** Opening THE DATA block **
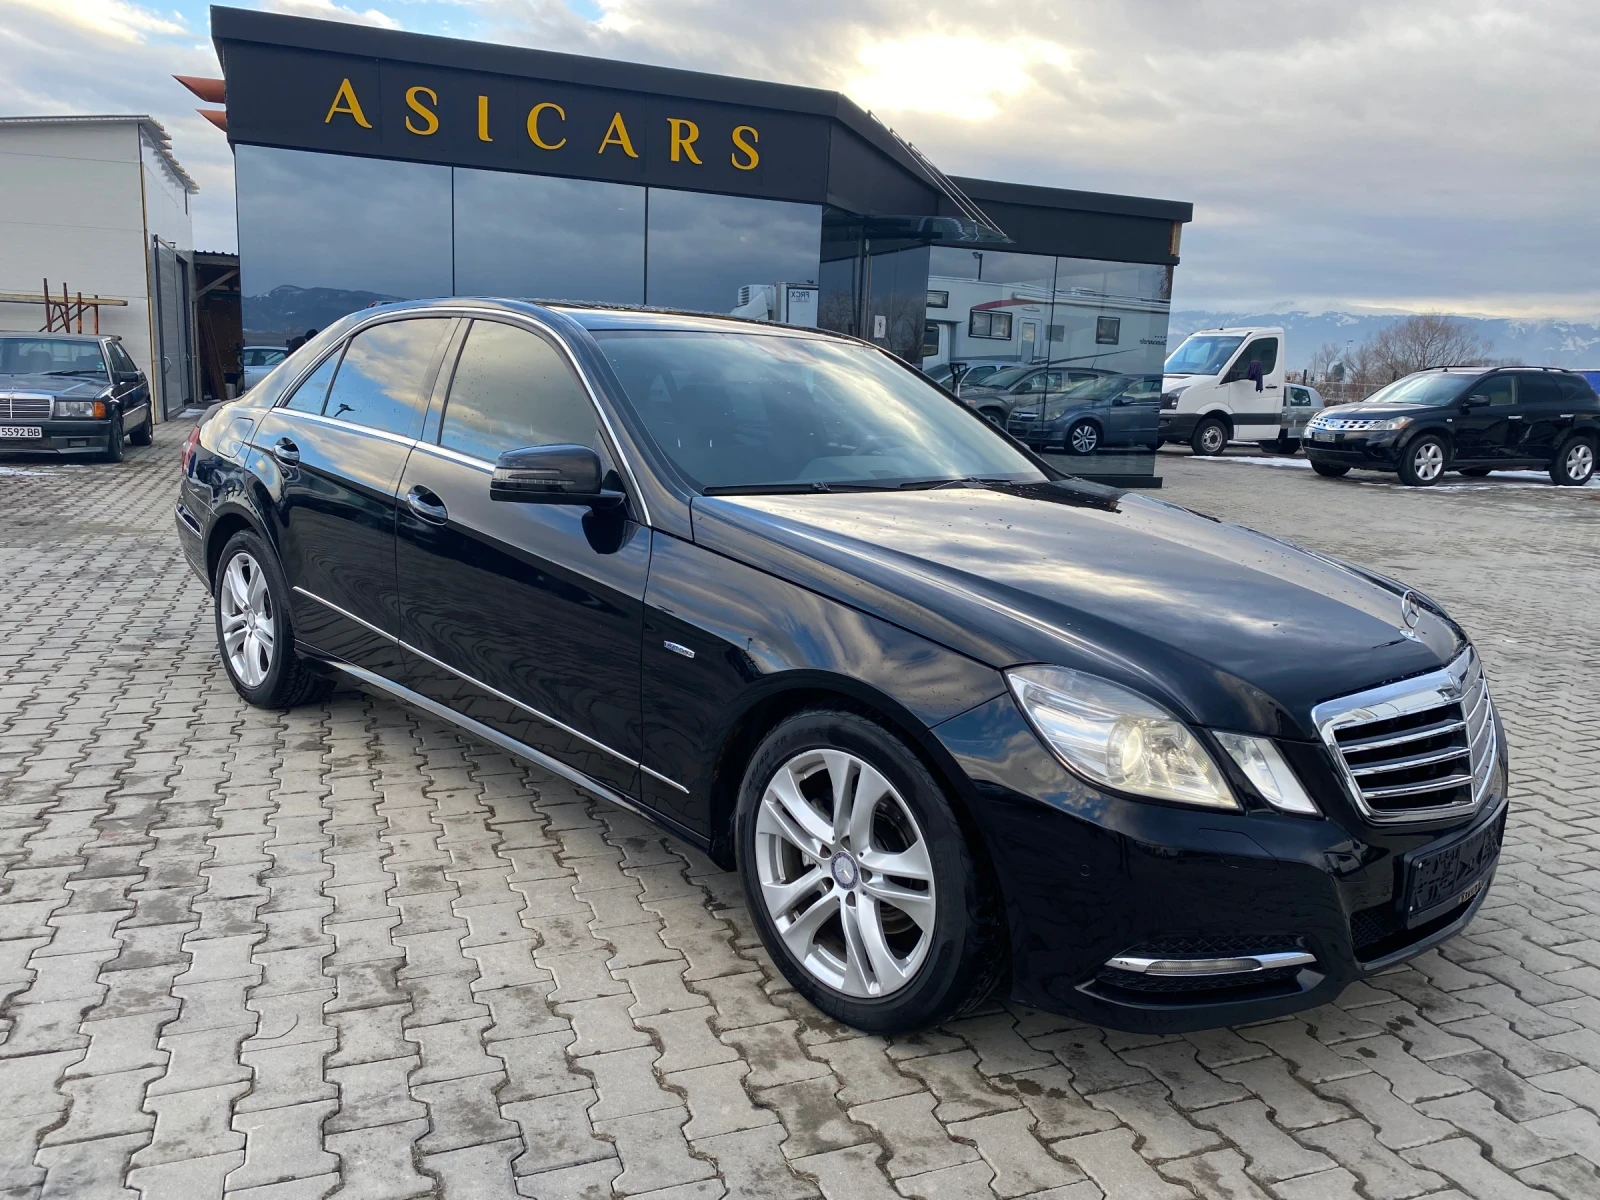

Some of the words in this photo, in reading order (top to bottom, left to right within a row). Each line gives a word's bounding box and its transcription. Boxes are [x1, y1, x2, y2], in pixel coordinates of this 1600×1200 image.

[324, 77, 760, 170] ASICARS
[1, 427, 26, 437] 5592
[27, 428, 41, 437] BB
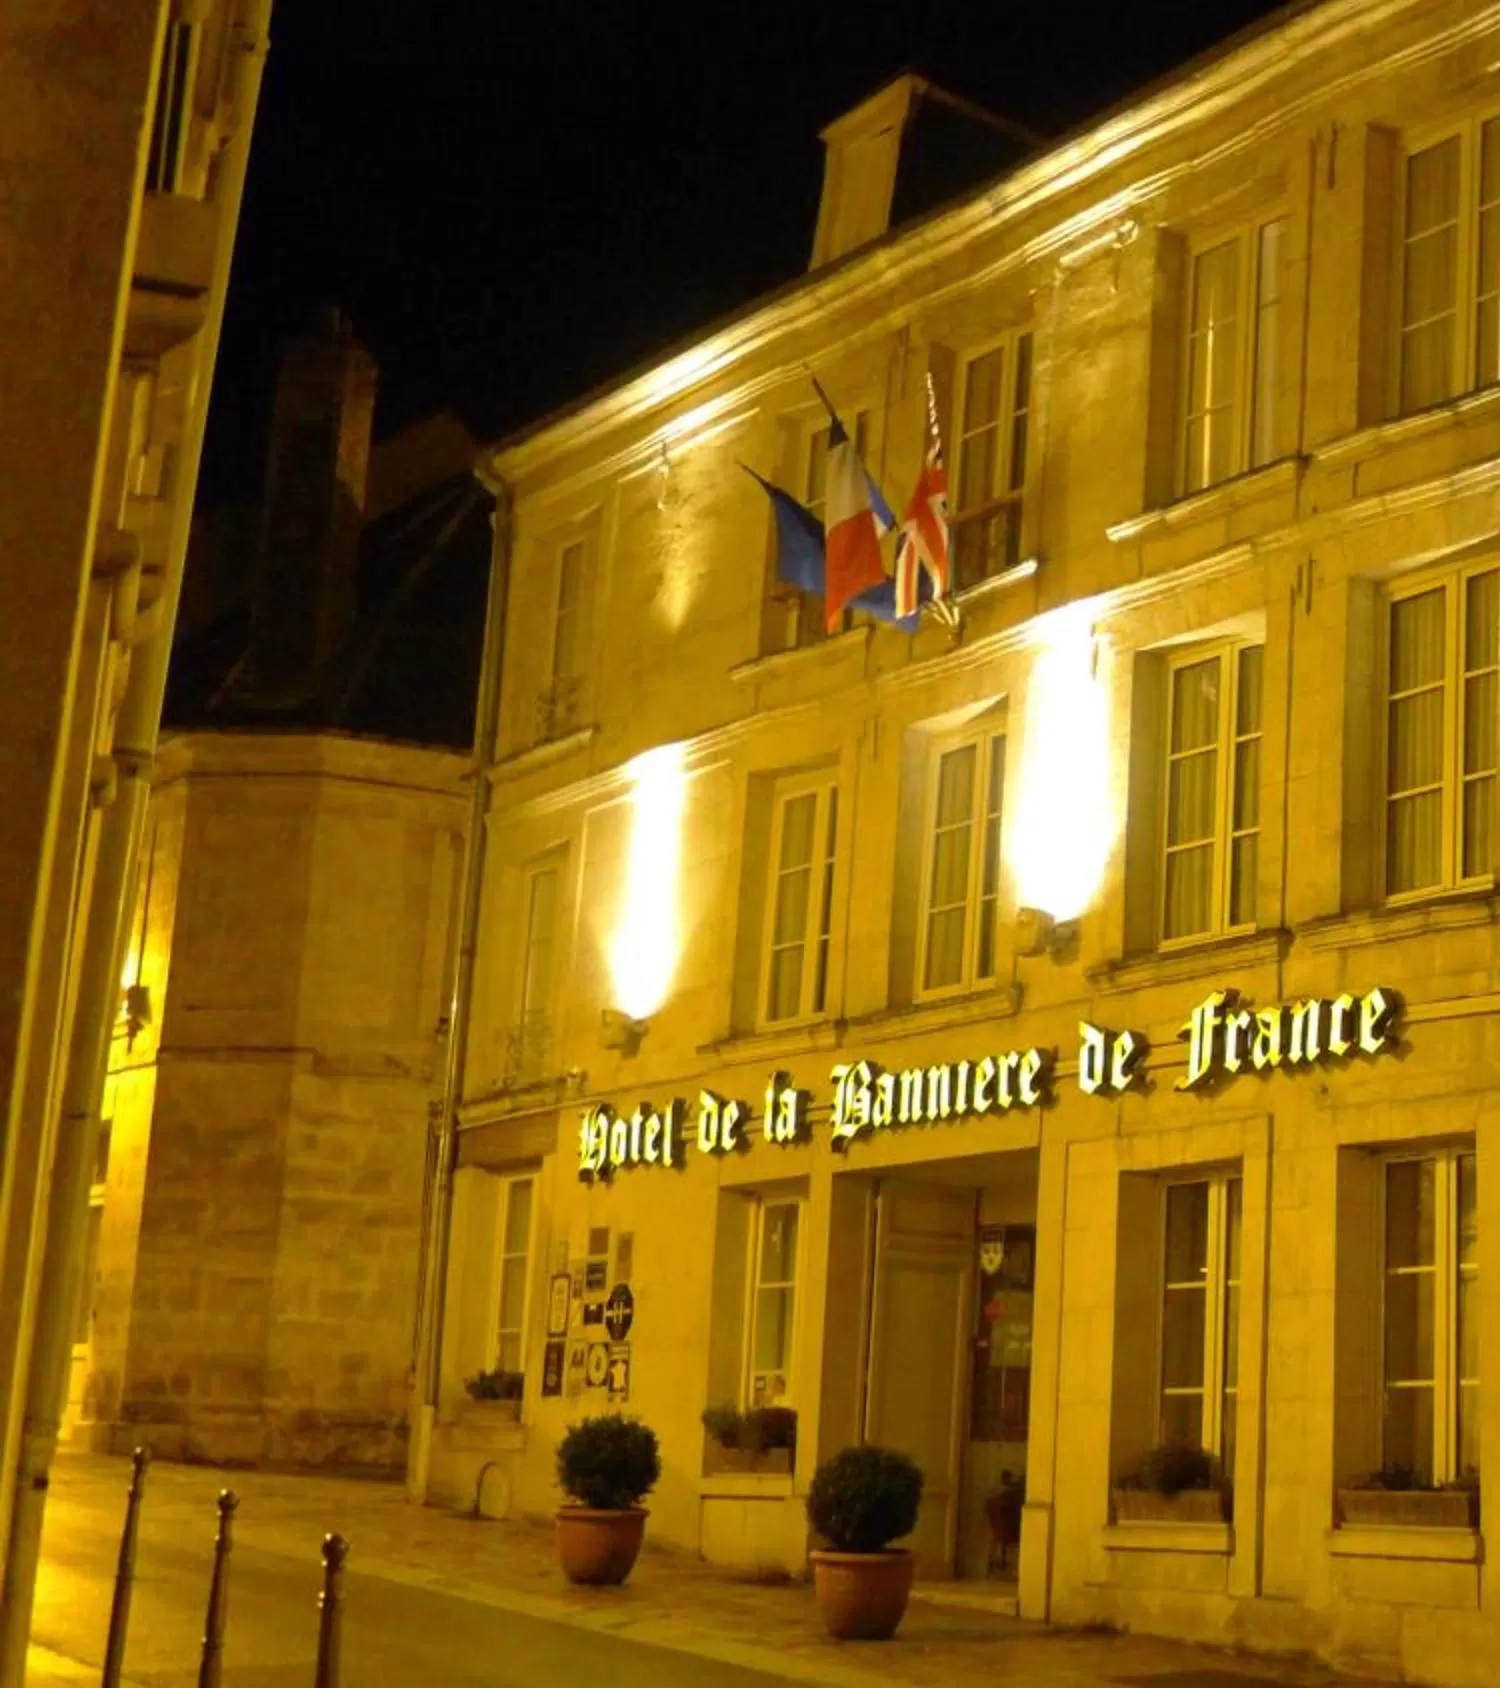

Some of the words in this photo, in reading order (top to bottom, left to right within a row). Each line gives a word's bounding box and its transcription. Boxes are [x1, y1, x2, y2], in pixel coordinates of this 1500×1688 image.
** Closing THE DATA block **
> THE TASK
What is needed is a word-for-word restatement of the entries, minus any pictures.

> WRITTEN ANSWER
Some of the words in this photo, in reading order (top to bottom, left to right within a row). Each line gives a word's bounding box and its transcription. Boxes are [x1, y1, x2, y2], in pixel coordinates of this 1600×1200 image.

[324, 77, 760, 170] ASICARS
[1, 427, 26, 437] 5592
[27, 428, 41, 437] BB

Some of the words in this photo, in reading order (top to bottom, left to right within a row). Each line gives a word's bounding box and its transcription. Boxes are [x1, y1, x2, y2], in pixel coordinates of this 1500×1688 image.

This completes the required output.